While the legacy system is the dominant way of doing things there is always innovation happening in its midst. Folks must steward the legacy system aware of where the seeds of change are happening around them. Developing sophisticated sensing practices and being in active connection with folks who are not a part of the legacy system helps to ride the journey of living and dying well. The Naming phase oif the new happens when those labouring away outside of the mainstream find each other. These are often folks who have left the legacy system “walked out” or people who have been “left out” because they were never included in the first place. Those folks are always hard at work developing energy solutions, health care, new forms of food production or cultural revitalization. It is a lonely place until you find others to work with. THis is the world of safe-to-fail work and building prototypes of the new system. The trajectory of this curve is down to begin with because there is far more failure and frustration involved in large-scale innovation than when the legacy system is investing in incremental improvements.

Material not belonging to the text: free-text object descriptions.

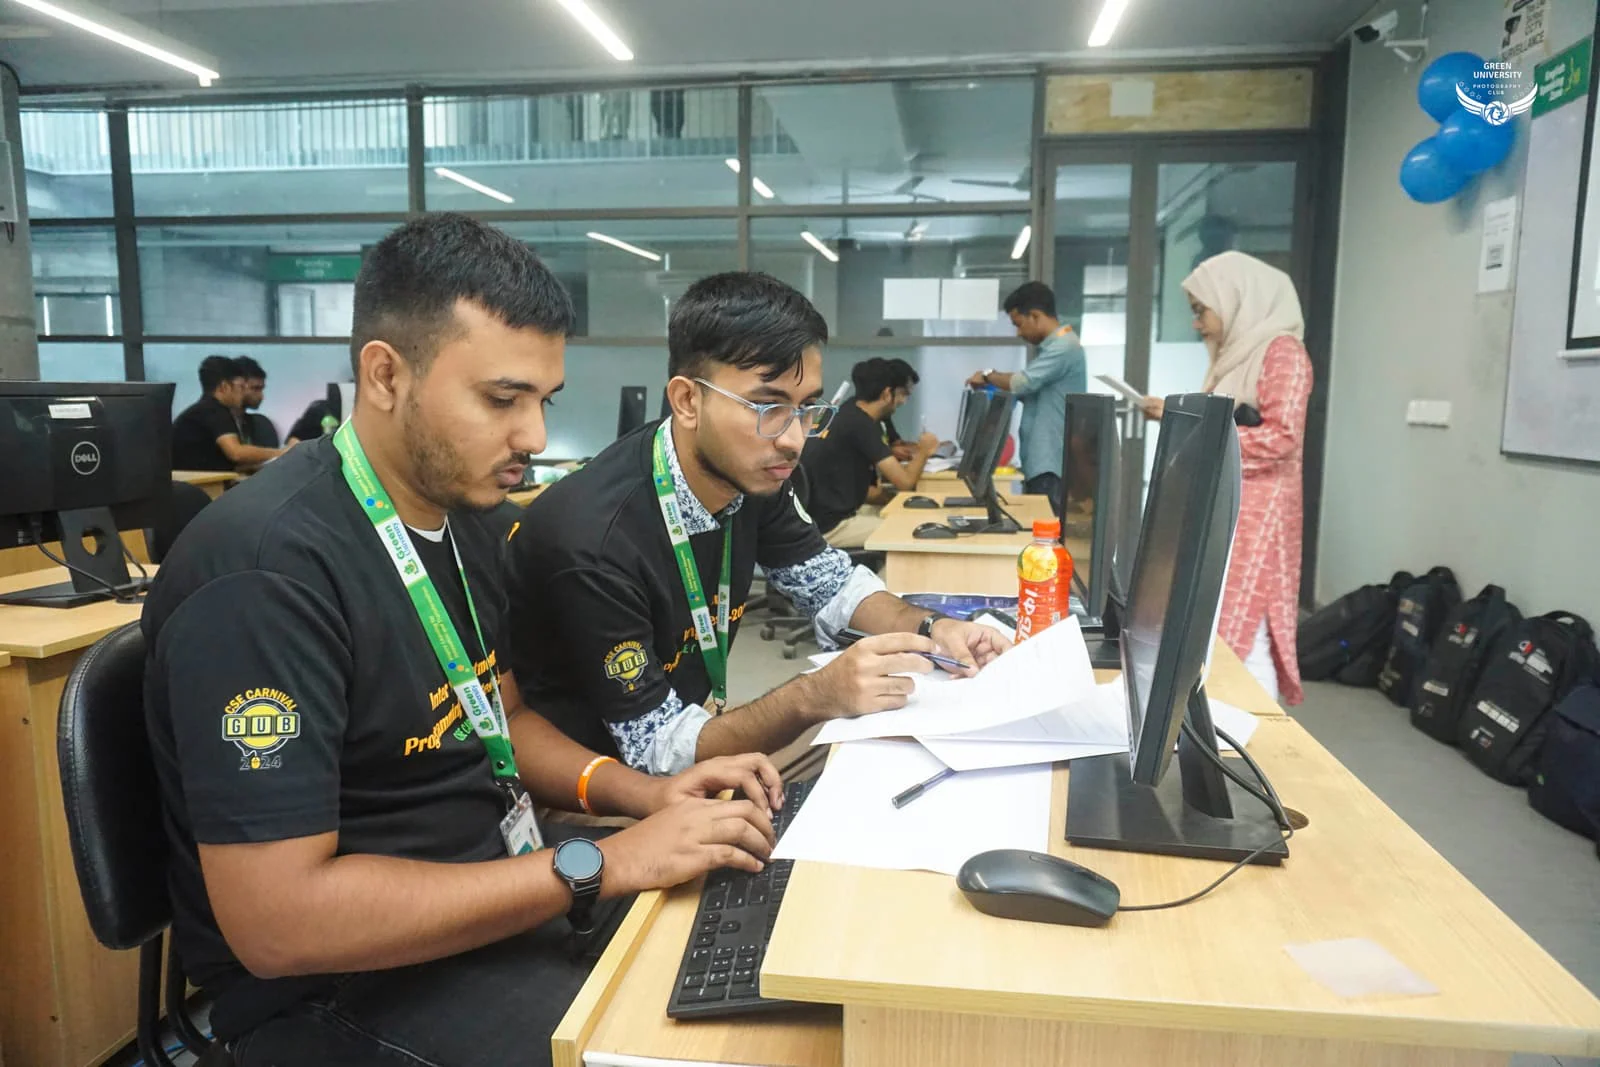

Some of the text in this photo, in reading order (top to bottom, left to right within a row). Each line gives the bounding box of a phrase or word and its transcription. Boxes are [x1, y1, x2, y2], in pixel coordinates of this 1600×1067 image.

[75, 453, 97, 463] DELL
[385, 525, 406, 560] Green
[224, 687, 297, 714] CSE CARNIVAL
[429, 683, 449, 711] Inter
[463, 686, 482, 717] Green
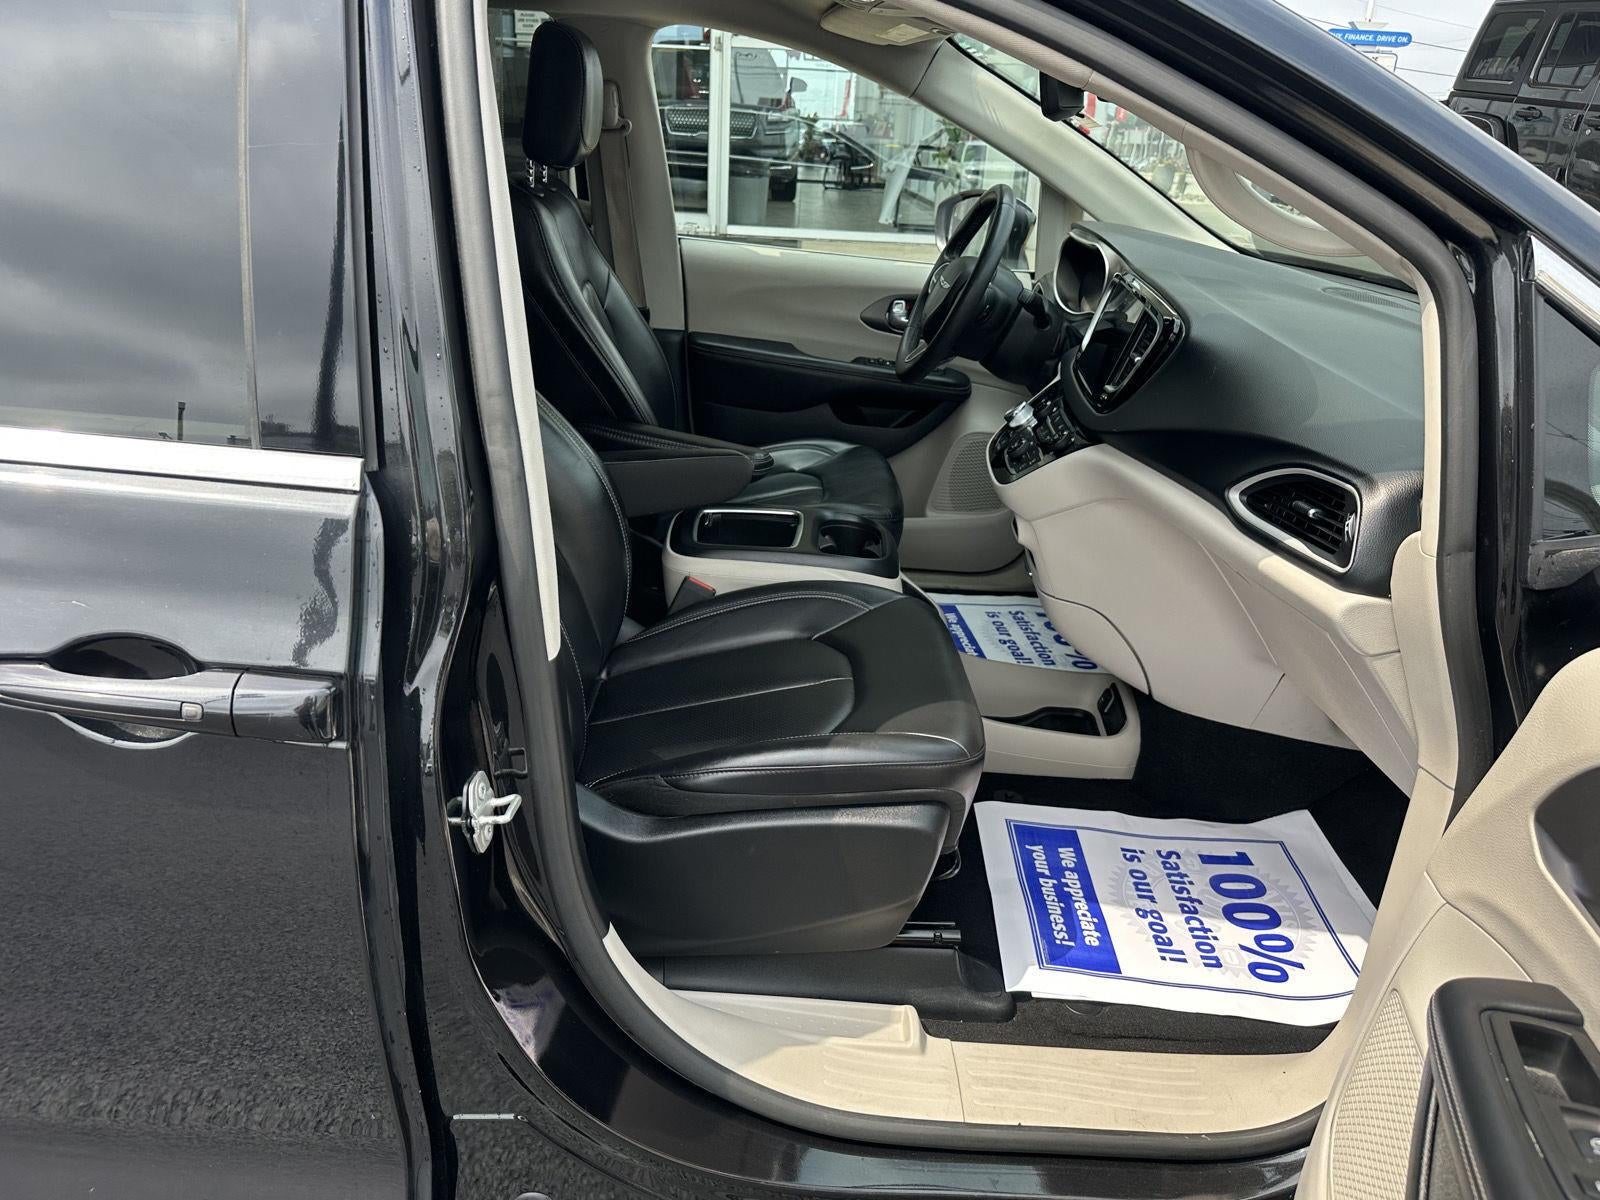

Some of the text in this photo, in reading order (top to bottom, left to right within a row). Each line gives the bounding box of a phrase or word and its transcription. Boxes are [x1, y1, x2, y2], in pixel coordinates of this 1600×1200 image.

[1344, 33, 1374, 41] FINANCE.
[1376, 34, 1396, 42] DRIVE
[985, 611, 1035, 665] is our goal!
[1009, 610, 1056, 666] Satisfaction
[1025, 844, 1076, 947] your business!
[1058, 847, 1101, 947] We appreciate
[1120, 847, 1188, 964] is our goal!
[1156, 850, 1223, 968] Satisfaction
[1198, 851, 1305, 983] 100%

There are very few resources available; beyond that, the legacy system will often try to crush you. You might even find the heads of fossil fuel companies leading global conversations on climate change. While such power does need to be a part of the solution, everyone knows that the way to suppress a coup is to seize control over the process.

Naming alone doesn’t generate the ideas that are needed. Good relational work helps to keep people together during the struggle. Building trust and tolerating difference with grace is really important here. Any of us involved in social movements will know what lateral violence comes from the narcissism of small differences as social movements splinter and split like a Monty Python skit.

As innovators find each other and loose connections are woven together, networks start to form. Networks are powerful ways for individuals to support their purposes. Held well, a network enables the sharing of information and ideas, but it doesn’t sustain a level of stability without a central purpose. So when networks are created and supported to create new systems, keeping it together is an important move. That involves finding ways to repurpose resources from the legacy system that are finding their way into innovation, and it also means supporting people who have experienced many failed efforts at change.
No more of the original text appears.